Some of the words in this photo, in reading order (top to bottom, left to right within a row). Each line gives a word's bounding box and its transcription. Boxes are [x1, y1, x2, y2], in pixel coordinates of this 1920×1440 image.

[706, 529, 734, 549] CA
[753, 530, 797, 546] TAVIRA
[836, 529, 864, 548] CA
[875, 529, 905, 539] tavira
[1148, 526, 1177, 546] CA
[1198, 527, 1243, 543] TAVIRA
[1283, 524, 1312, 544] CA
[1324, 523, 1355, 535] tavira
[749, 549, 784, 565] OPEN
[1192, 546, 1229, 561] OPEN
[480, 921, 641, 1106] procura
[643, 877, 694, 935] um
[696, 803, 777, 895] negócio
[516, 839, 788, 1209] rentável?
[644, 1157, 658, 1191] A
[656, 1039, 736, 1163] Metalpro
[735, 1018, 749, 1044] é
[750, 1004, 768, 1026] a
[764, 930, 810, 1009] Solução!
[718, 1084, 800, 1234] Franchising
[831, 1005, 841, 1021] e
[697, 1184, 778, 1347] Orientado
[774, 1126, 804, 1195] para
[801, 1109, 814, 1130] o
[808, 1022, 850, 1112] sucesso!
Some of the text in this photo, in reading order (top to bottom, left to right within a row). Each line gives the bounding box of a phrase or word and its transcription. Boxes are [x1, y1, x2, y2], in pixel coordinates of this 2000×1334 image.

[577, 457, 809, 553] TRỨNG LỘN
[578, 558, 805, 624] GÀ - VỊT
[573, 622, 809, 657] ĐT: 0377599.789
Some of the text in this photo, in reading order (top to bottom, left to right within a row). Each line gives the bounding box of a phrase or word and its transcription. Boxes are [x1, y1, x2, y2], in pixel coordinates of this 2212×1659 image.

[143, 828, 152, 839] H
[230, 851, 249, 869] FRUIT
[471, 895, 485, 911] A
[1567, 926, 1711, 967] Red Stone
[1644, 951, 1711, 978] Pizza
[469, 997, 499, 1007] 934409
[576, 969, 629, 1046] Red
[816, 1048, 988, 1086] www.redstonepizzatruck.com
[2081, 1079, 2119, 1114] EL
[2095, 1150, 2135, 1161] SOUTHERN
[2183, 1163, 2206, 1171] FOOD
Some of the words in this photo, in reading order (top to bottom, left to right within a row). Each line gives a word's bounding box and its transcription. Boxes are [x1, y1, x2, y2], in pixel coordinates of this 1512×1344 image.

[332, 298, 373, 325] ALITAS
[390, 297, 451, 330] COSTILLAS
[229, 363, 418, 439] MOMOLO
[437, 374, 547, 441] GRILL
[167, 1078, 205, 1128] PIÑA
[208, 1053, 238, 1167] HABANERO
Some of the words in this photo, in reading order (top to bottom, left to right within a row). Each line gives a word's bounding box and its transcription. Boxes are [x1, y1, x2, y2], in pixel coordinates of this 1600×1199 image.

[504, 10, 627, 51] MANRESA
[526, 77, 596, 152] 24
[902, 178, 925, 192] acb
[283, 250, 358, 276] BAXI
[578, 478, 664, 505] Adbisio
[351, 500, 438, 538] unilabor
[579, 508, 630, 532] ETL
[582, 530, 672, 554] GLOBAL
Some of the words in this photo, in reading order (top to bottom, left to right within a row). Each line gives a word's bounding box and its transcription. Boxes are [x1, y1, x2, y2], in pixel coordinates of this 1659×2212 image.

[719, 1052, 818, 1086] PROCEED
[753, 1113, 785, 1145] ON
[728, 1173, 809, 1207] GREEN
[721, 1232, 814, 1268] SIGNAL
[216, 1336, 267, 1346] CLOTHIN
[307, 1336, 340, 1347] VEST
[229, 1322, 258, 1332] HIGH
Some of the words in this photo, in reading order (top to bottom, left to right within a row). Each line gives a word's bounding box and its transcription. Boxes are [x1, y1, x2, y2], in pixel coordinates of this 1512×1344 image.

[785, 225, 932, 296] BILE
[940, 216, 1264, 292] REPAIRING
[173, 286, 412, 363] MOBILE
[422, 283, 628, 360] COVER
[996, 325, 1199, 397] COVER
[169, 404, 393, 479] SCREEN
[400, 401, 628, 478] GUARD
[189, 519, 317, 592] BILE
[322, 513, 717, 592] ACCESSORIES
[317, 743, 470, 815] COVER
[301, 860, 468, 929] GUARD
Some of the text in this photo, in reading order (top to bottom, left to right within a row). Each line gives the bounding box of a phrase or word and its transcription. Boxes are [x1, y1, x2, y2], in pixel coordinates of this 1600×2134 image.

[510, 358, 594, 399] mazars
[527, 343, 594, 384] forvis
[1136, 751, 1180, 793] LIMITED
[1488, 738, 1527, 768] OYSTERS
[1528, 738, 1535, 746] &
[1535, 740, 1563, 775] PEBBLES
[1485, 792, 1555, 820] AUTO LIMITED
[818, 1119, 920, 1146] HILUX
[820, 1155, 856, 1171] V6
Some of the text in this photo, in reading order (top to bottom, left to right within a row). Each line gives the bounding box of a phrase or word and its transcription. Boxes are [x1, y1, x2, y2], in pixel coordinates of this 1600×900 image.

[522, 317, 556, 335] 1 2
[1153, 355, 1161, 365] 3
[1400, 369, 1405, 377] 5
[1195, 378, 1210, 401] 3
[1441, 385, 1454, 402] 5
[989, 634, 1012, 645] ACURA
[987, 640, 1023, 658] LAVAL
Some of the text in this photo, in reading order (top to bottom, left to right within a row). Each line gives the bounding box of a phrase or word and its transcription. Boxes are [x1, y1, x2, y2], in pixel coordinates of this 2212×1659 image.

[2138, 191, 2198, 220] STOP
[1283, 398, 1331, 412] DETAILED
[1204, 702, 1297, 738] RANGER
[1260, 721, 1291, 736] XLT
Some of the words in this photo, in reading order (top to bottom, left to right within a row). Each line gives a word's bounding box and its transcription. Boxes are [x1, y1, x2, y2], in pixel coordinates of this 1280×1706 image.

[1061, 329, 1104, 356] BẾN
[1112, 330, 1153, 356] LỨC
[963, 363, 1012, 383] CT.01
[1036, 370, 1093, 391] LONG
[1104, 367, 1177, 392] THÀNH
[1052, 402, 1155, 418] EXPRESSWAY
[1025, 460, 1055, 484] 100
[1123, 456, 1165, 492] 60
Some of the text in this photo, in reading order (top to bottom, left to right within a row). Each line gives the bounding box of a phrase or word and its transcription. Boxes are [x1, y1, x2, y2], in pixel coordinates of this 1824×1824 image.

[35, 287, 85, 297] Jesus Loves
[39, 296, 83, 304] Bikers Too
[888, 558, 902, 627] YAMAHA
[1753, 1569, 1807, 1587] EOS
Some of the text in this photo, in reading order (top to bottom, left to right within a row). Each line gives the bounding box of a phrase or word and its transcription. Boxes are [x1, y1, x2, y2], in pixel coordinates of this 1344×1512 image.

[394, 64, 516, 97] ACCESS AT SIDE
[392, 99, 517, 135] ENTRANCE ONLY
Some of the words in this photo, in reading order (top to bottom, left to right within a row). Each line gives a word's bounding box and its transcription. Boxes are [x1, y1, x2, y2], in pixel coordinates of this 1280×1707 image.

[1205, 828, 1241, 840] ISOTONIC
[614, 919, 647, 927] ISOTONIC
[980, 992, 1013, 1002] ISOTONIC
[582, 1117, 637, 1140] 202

• • • •

(Action item) Return the material above unaltered. Include every line.

(Written response)
Some of the words in this photo, in reading order (top to bottom, left to right within a row). Each line gives a word's bounding box and its transcription. Boxes are [x1, y1, x2, y2], in pixel coordinates of this 1920×1440 image.

[706, 529, 734, 549] CA
[753, 530, 797, 546] TAVIRA
[836, 529, 864, 548] CA
[875, 529, 905, 539] tavira
[1148, 526, 1177, 546] CA
[1198, 527, 1243, 543] TAVIRA
[1283, 524, 1312, 544] CA
[1324, 523, 1355, 535] tavira
[749, 549, 784, 565] OPEN
[1192, 546, 1229, 561] OPEN
[480, 921, 641, 1106] procura
[643, 877, 694, 935] um
[696, 803, 777, 895] negócio
[516, 839, 788, 1209] rentável?
[644, 1157, 658, 1191] A
[656, 1039, 736, 1163] Metalpro
[735, 1018, 749, 1044] é
[750, 1004, 768, 1026] a
[764, 930, 810, 1009] Solução!
[718, 1084, 800, 1234] Franchising
[831, 1005, 841, 1021] e
[697, 1184, 778, 1347] Orientado
[774, 1126, 804, 1195] para
[801, 1109, 814, 1130] o
[808, 1022, 850, 1112] sucesso!
Some of the text in this photo, in reading order (top to bottom, left to right within a row). Each line gives the bounding box of a phrase or word and its transcription. Boxes are [x1, y1, x2, y2], in pixel coordinates of this 2000×1334 image.

[577, 457, 809, 553] TRỨNG LỘN
[578, 558, 805, 624] GÀ - VỊT
[573, 622, 809, 657] ĐT: 0377599.789
Some of the text in this photo, in reading order (top to bottom, left to right within a row). Each line gives the bounding box of a phrase or word and its transcription. Boxes are [x1, y1, x2, y2], in pixel coordinates of this 2212×1659 image.

[143, 828, 152, 839] H
[230, 851, 249, 869] FRUIT
[471, 895, 485, 911] A
[1567, 926, 1711, 967] Red Stone
[1644, 951, 1711, 978] Pizza
[469, 997, 499, 1007] 934409
[576, 969, 629, 1046] Red
[816, 1048, 988, 1086] www.redstonepizzatruck.com
[2081, 1079, 2119, 1114] EL
[2095, 1150, 2135, 1161] SOUTHERN
[2183, 1163, 2206, 1171] FOOD
Some of the words in this photo, in reading order (top to bottom, left to right within a row). Each line gives a word's bounding box and its transcription. Boxes are [x1, y1, x2, y2], in pixel coordinates of this 1512×1344 image.

[332, 298, 373, 325] ALITAS
[390, 297, 451, 330] COSTILLAS
[229, 363, 418, 439] MOMOLO
[437, 374, 547, 441] GRILL
[167, 1078, 205, 1128] PIÑA
[208, 1053, 238, 1167] HABANERO
Some of the words in this photo, in reading order (top to bottom, left to right within a row). Each line gives a word's bounding box and its transcription. Boxes are [x1, y1, x2, y2], in pixel coordinates of this 1600×1199 image.

[504, 10, 627, 51] MANRESA
[526, 77, 596, 152] 24
[902, 178, 925, 192] acb
[283, 250, 358, 276] BAXI
[578, 478, 664, 505] Adbisio
[351, 500, 438, 538] unilabor
[579, 508, 630, 532] ETL
[582, 530, 672, 554] GLOBAL
Some of the words in this photo, in reading order (top to bottom, left to right within a row). Each line gives a word's bounding box and its transcription. Boxes are [x1, y1, x2, y2], in pixel coordinates of this 1659×2212 image.

[719, 1052, 818, 1086] PROCEED
[753, 1113, 785, 1145] ON
[728, 1173, 809, 1207] GREEN
[721, 1232, 814, 1268] SIGNAL
[216, 1336, 267, 1346] CLOTHIN
[307, 1336, 340, 1347] VEST
[229, 1322, 258, 1332] HIGH
Some of the words in this photo, in reading order (top to bottom, left to right within a row). Each line gives a word's bounding box and its transcription. Boxes are [x1, y1, x2, y2], in pixel coordinates of this 1512×1344 image.

[785, 225, 932, 296] BILE
[940, 216, 1264, 292] REPAIRING
[173, 286, 412, 363] MOBILE
[422, 283, 628, 360] COVER
[996, 325, 1199, 397] COVER
[169, 404, 393, 479] SCREEN
[400, 401, 628, 478] GUARD
[189, 519, 317, 592] BILE
[322, 513, 717, 592] ACCESSORIES
[317, 743, 470, 815] COVER
[301, 860, 468, 929] GUARD
Some of the text in this photo, in reading order (top to bottom, left to right within a row). Each line gives the bounding box of a phrase or word and its transcription. Boxes are [x1, y1, x2, y2], in pixel coordinates of this 1600×2134 image.

[510, 358, 594, 399] mazars
[527, 343, 594, 384] forvis
[1136, 751, 1180, 793] LIMITED
[1488, 738, 1527, 768] OYSTERS
[1528, 738, 1535, 746] &
[1535, 740, 1563, 775] PEBBLES
[1485, 792, 1555, 820] AUTO LIMITED
[818, 1119, 920, 1146] HILUX
[820, 1155, 856, 1171] V6
Some of the text in this photo, in reading order (top to bottom, left to right within a row). Each line gives the bounding box of a phrase or word and its transcription. Boxes are [x1, y1, x2, y2], in pixel coordinates of this 1600×900 image.

[522, 317, 556, 335] 1 2
[1153, 355, 1161, 365] 3
[1400, 369, 1405, 377] 5
[1195, 378, 1210, 401] 3
[1441, 385, 1454, 402] 5
[989, 634, 1012, 645] ACURA
[987, 640, 1023, 658] LAVAL
Some of the text in this photo, in reading order (top to bottom, left to right within a row). Each line gives the bounding box of a phrase or word and its transcription. Boxes are [x1, y1, x2, y2], in pixel coordinates of this 2212×1659 image.

[2138, 191, 2198, 220] STOP
[1283, 398, 1331, 412] DETAILED
[1204, 702, 1297, 738] RANGER
[1260, 721, 1291, 736] XLT
Some of the words in this photo, in reading order (top to bottom, left to right within a row). Each line gives a word's bounding box and its transcription. Boxes are [x1, y1, x2, y2], in pixel coordinates of this 1280×1706 image.

[1061, 329, 1104, 356] BẾN
[1112, 330, 1153, 356] LỨC
[963, 363, 1012, 383] CT.01
[1036, 370, 1093, 391] LONG
[1104, 367, 1177, 392] THÀNH
[1052, 402, 1155, 418] EXPRESSWAY
[1025, 460, 1055, 484] 100
[1123, 456, 1165, 492] 60
Some of the text in this photo, in reading order (top to bottom, left to right within a row). Each line gives the bounding box of a phrase or word and its transcription. Boxes are [x1, y1, x2, y2], in pixel coordinates of this 1824×1824 image.

[35, 287, 85, 297] Jesus Loves
[39, 296, 83, 304] Bikers Too
[888, 558, 902, 627] YAMAHA
[1753, 1569, 1807, 1587] EOS
Some of the text in this photo, in reading order (top to bottom, left to right within a row). Each line gives the bounding box of a phrase or word and its transcription. Boxes are [x1, y1, x2, y2], in pixel coordinates of this 1344×1512 image.

[394, 64, 516, 97] ACCESS AT SIDE
[392, 99, 517, 135] ENTRANCE ONLY
Some of the words in this photo, in reading order (top to bottom, left to right within a row). Each line gives a word's bounding box and its transcription. Boxes are [x1, y1, x2, y2], in pixel coordinates of this 1280×1707 image.

[1205, 828, 1241, 840] ISOTONIC
[614, 919, 647, 927] ISOTONIC
[980, 992, 1013, 1002] ISOTONIC
[582, 1117, 637, 1140] 202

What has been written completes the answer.